Diageo stuck by its CEO, but brought in Coca-Cola Europacific Partners CFO Nik Jhangiani in September. Jhangiani replaced the outgoing CFO Lavanya Chandrashekar and has impressed internally, leading to his appointment as interim CEO while Diageo seeks a permanent successor to Crew.
Tariff impact
Alongside many of its spirits peers, Diageo was plunged into further chaos in 2025, when newly elected President Donald Trump unveiled plans to slap tariffs on UK and EU imports into the all-important US market.
While the extent of duties that spirits are likely to face still remains unclear – Diageo may get off lighter than some of its peers on account of its scotch being produced in the UK and not on the continent – the move was enough to make the London-listed supplier scrap a long-held target of annual sales growth of between 5%-7%.
By May Diageo was in crisis-management mode, with shares down by 40% since Crew’s appointment. In a further sign of Jhangiani’s growing stature, he – not Crew – was the one to share details of a new $500m cost saving programme with investors, while also revealing Diageo was mulling major brand disposals to boost free cashflow.
Diageo succession plan
Eventually, it was decided a change of leadership was also required. “There is only so long a board and investors will wait for a CEO to stop the share price rot,” says Mould. Crew “had an incredibly difficult job to do” but had “run out of time”, he adds.
Her departure – which leaked to media shortly before official confirmation earlier today (16 July) – leaves Diageo in unusual territory. Having groomed Crew for the CEO role since her arrival in 2019, the board – led by chair John Manzoni – now needs to decide if Jhangiani is ready to step up, or whether an external candidate is required.

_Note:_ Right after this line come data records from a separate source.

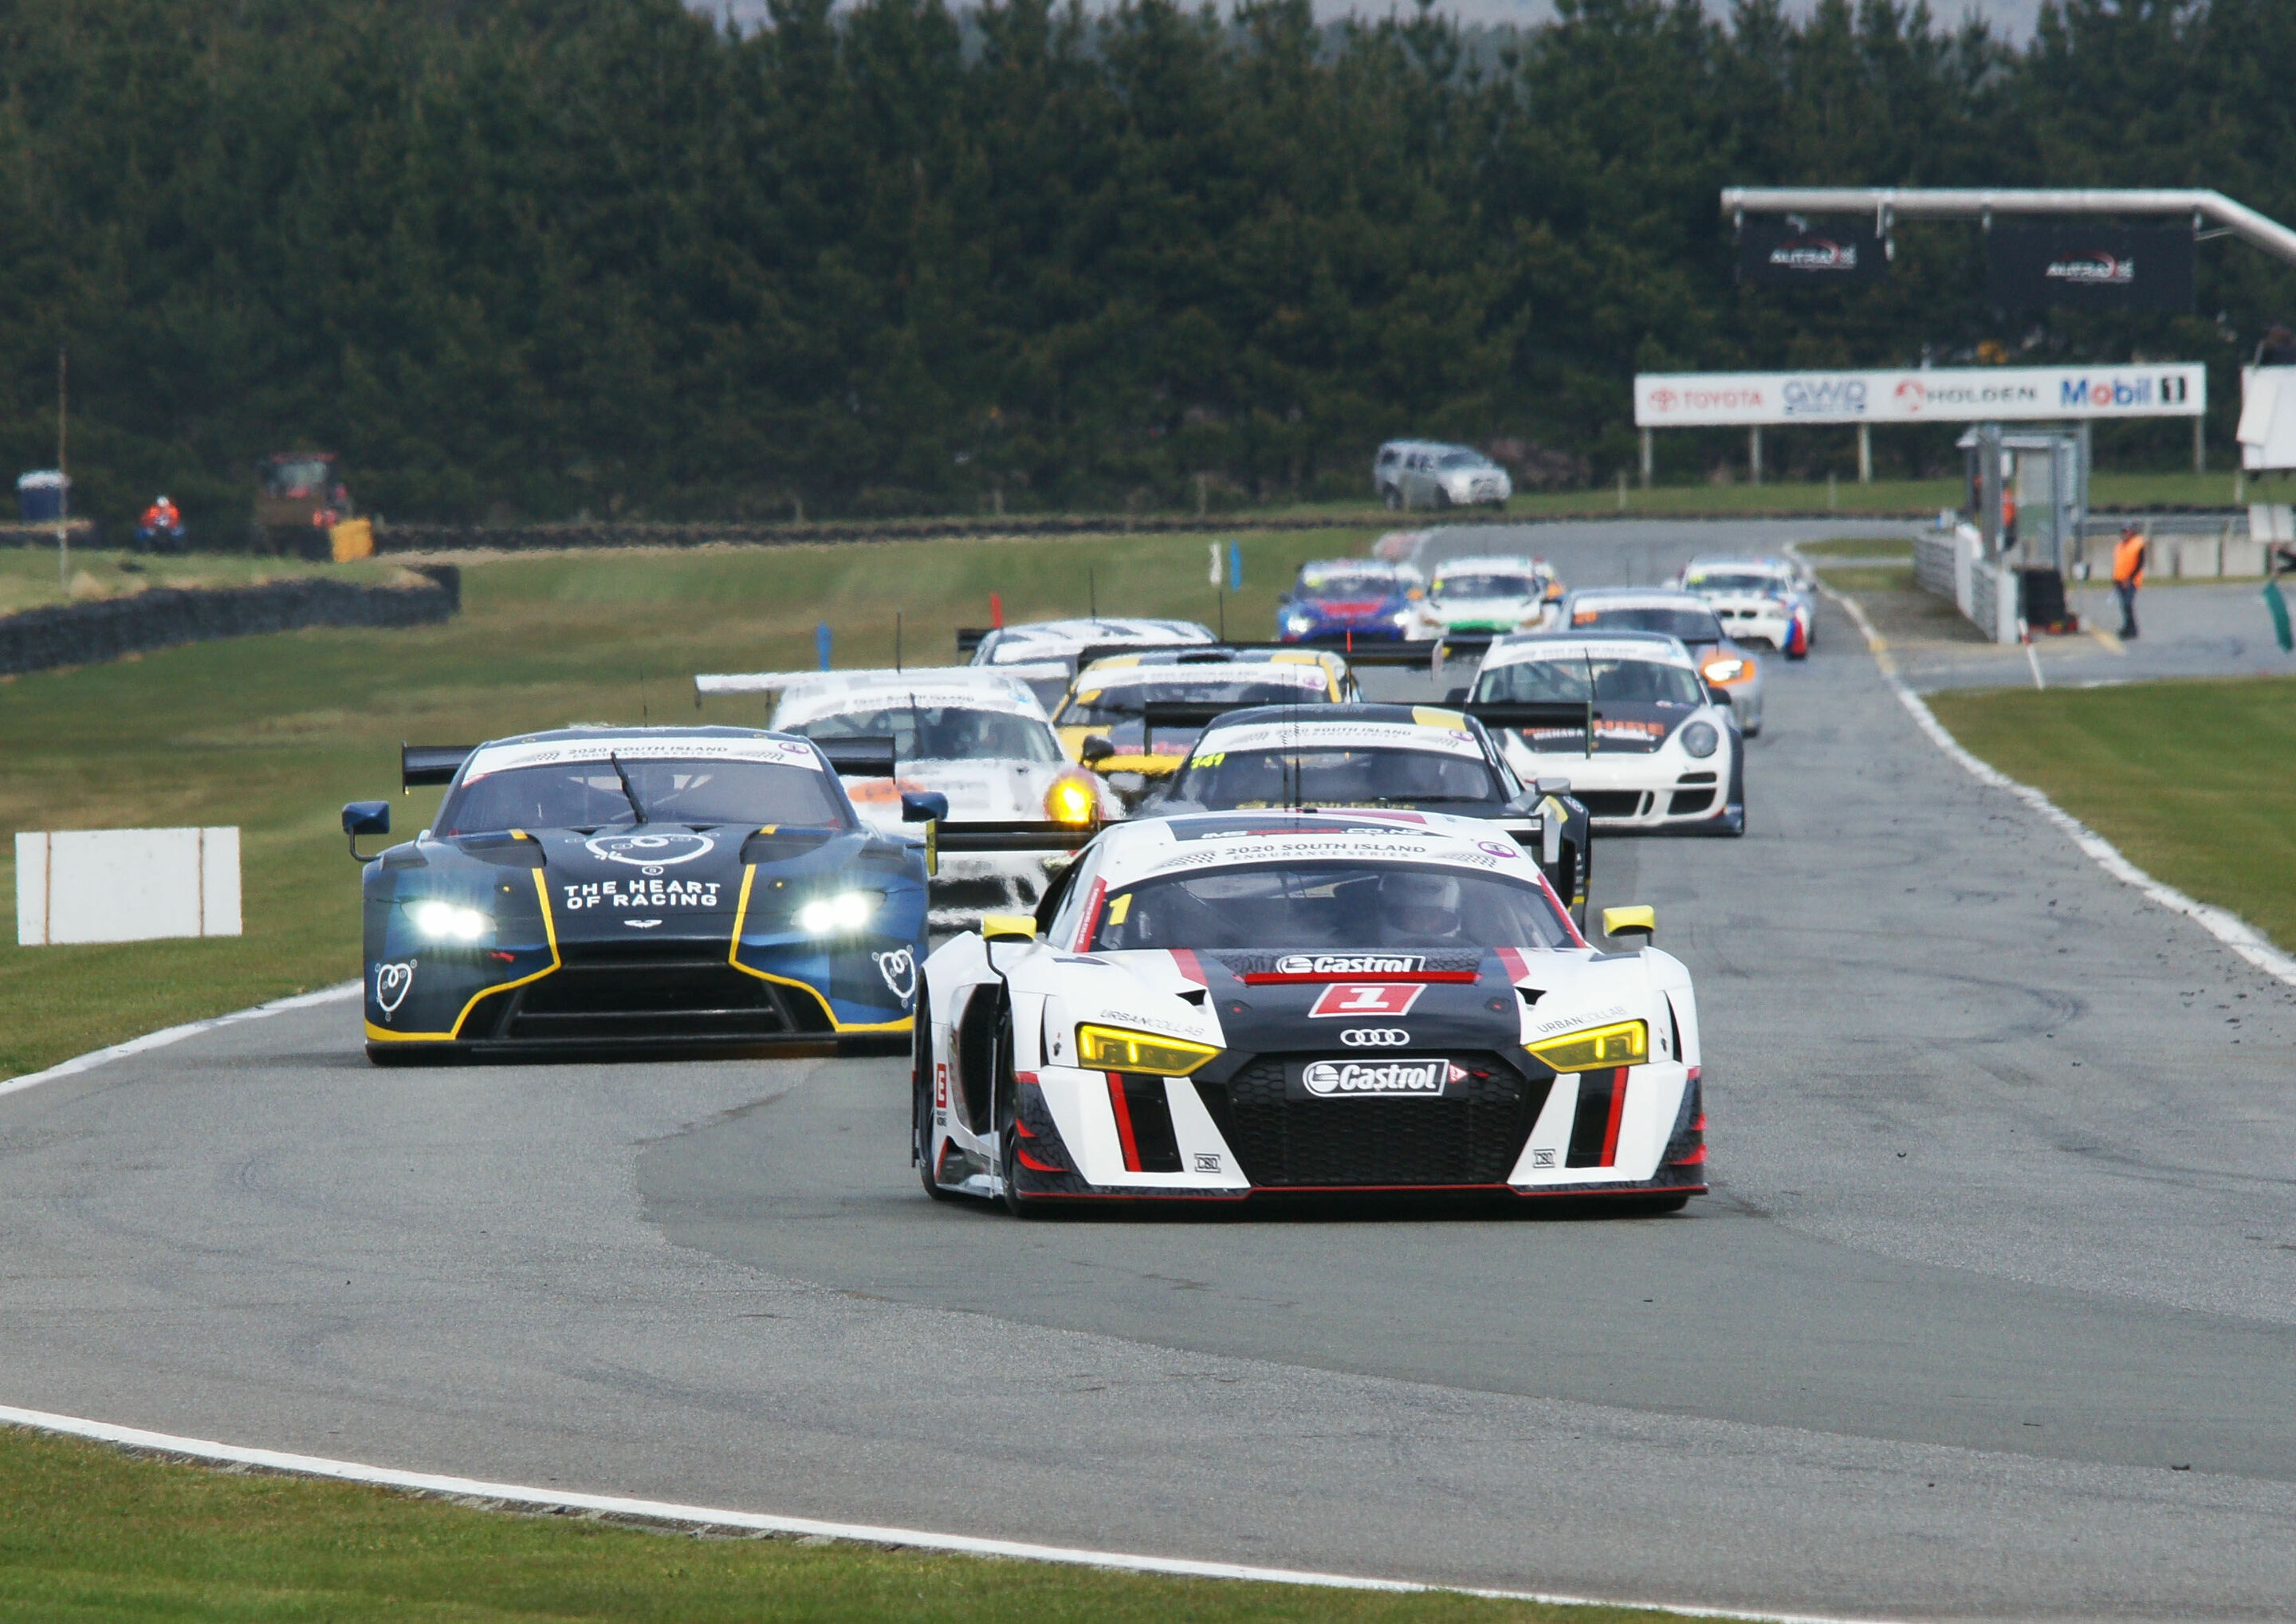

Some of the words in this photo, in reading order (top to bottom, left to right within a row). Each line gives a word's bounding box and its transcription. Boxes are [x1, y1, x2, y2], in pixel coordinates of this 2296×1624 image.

[1684, 390, 1763, 409] TOYOTA
[1928, 387, 2037, 404] HOLDEN
[2061, 377, 2150, 406] Mobil
[1225, 845, 1275, 855] 2020
[1354, 843, 1426, 853] ISLAND
[564, 881, 617, 897] THE
[629, 879, 721, 895] HEART
[567, 895, 601, 910] OF
[613, 894, 718, 906] RACING
[1109, 893, 1133, 926] 1
[1313, 956, 1413, 973] Castrol
[1339, 987, 1390, 1009] 1
[1536, 1006, 1627, 1033] URBANCOLLAB
[1339, 1064, 1437, 1091] Castrol

Analysts appear to be leaning towards the former. “We see some similarities between Diageo’s leadership change and Unilever’s recent CEO transition, with Hein Schumacher being replaced by CFO Fernando Fernandez in March,” Jefferies’ Ed Mundy wrote in a note to clients on Wednesday.
Like Unilever, Diageo does not need a “strategic reset” to get back to its best, Mundy argues. The supplier has “pockets of excellence” including Guinness, but needs to get the balance between cost-cutting and “growth, investment, innovation and risk-taking” right, he notes.
Diageo is due to report full-year results on 5 August, at which point the extent of the reboot required will become clearer. But with Jhangiani having laid out a blueprint for how the business intends to move forward in May, wholesale changes in leadership would be a risk.
As to Crew – it’s hard not to feel a bit sorry for the former PepsiCo exec. Whilst there have clearly been mistakes made under her watch, Diageo is hardly alone in having a tough time adjusting to post-pandemic normalisation. Pernod Ricard, Moët Hennessy, Rémy Cointreau and Campari have all struggled in recent quarters, with the latter two also electing to switch CEOs in the past year. Menezes’ first two years in charge were also far from sparkling, and it could be argued Crew was handed a hospital pass in succeeding someone so beloved by everyone associated with Diageo.
The markets tell their own story, however, and the fact Diageo’s share price immediately surged on the news of Crew’s departure shows the decision was probably the correct one.